Some members of the group who weren't violently vomiting now lolled against the façade of an apartment block, scattered across the short front flight of concrete stairs like boneless fish, laughing with hee-hawing abundance. Dakota thought it lucky none of them seemed to have any pokémon on them. Drunken youths and disgruntled pokémon didn't mix.
Just as she started to get a bit anxious – one of the vomiting girls had fallen down, much to the amusement of her faithful peers (but what if they panicked and called the cops?) – Dakota heard something down the street.
Resisting the urge to whip around and toss out a pokéball, instead she stayed still and silent. She turned her heard slowly to the side, keeping her left eye on the group, and with her peripheral vision, she scanned the vacant street behind. Her heart rate picked up a little.
The street was swathed in shadow beyond the occasional small pools of orange light. The darkness was like stagnant water, lapping at the edge of her vision and the pinpricks of soft light from upper-story dwellings. The street stirred gently, and her eyes blurred and stung. Dakota rubbed them roughly; when she opened them again, a figure slipped under a dim streetlamp.
She was immediately on her guard. It was an unwritten rule amongst street-rats like herself – one predator to a group, end of story. If you intruded on someone else's game, you were now part of the equation. Mercy didn't exist in Saffron anymore.
Dakota inched one hand to rest around the pokéball in her right jacket pocket. In the flare of fright she'd felt, she'd turned her whole head to stare down the street. She chanced a glance back towards her group of drunks, only to see them now staggering off, shadow and light sliding over the figures like water.

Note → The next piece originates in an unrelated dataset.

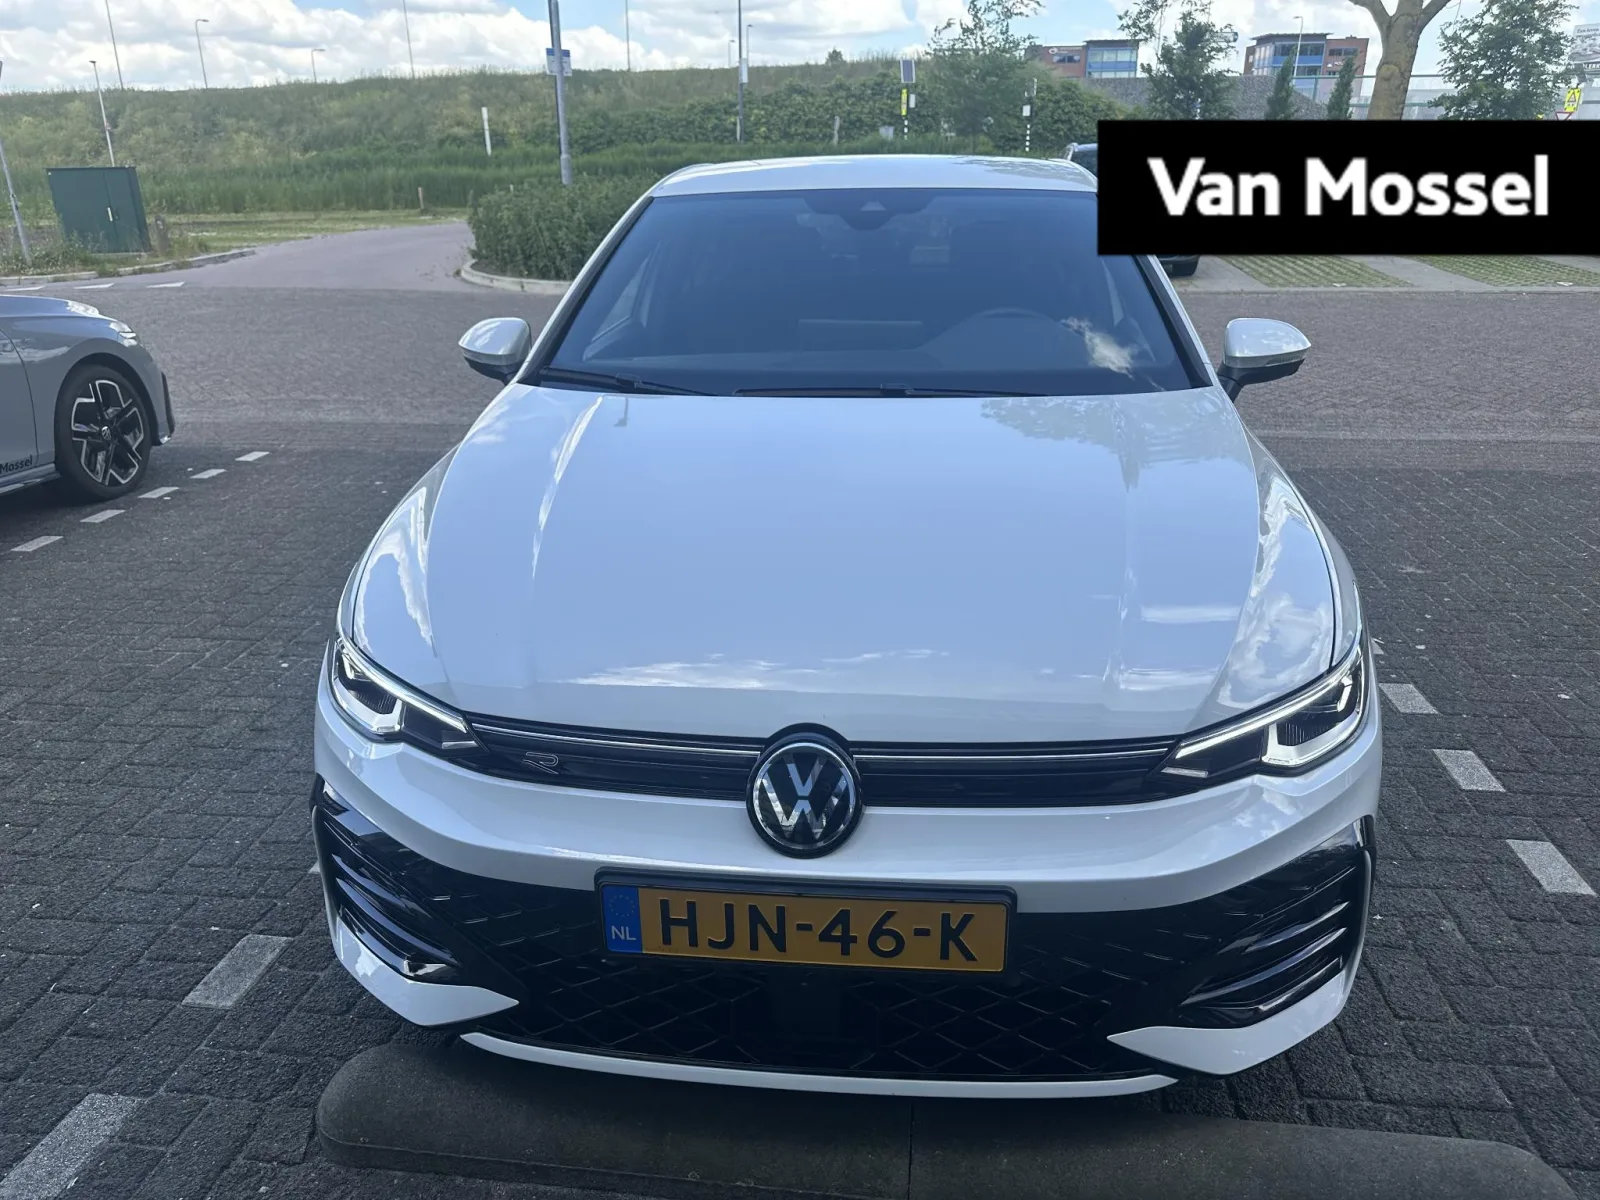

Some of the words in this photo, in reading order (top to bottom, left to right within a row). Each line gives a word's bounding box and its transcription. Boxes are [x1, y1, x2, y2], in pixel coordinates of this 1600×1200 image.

[0, 454, 33, 474] Mossel
[753, 742, 856, 850] VW
[610, 925, 637, 942] NL
[659, 898, 979, 962] HJN-46-K

The girl who'd collapsed in the gutter was still there. Dakota glanced back down the street and then stepped out of the slender alley she'd been stationed in, walking quickly to the girl's slumped form.
Vomit crusted around the girl's mouth, the front of her satin dress wet. The girl's eyes fluttered weakly and she moaned as Dakota's hands flashed in and out of the girl's bag, deftly searching her body for the typical phone-in-bra or money-in-underwear hiding spots. Dakota emerged with ten dollars and a tube of lip-gloss. So much for aristocratic teenage dirtbags. She left the latter in the girl's left bra cup and stepped away, melting into the shadows and starting after her group.
Dakota didn't bother checking behind her again; whoever had been stalking this group now knew it was taken. If they persisted in following her, well, Dakota knew how to play rough.
Regardless, she drew out Nix's pokéball and released the growlithe quietly beside a roughed-up hover car. All bases covered.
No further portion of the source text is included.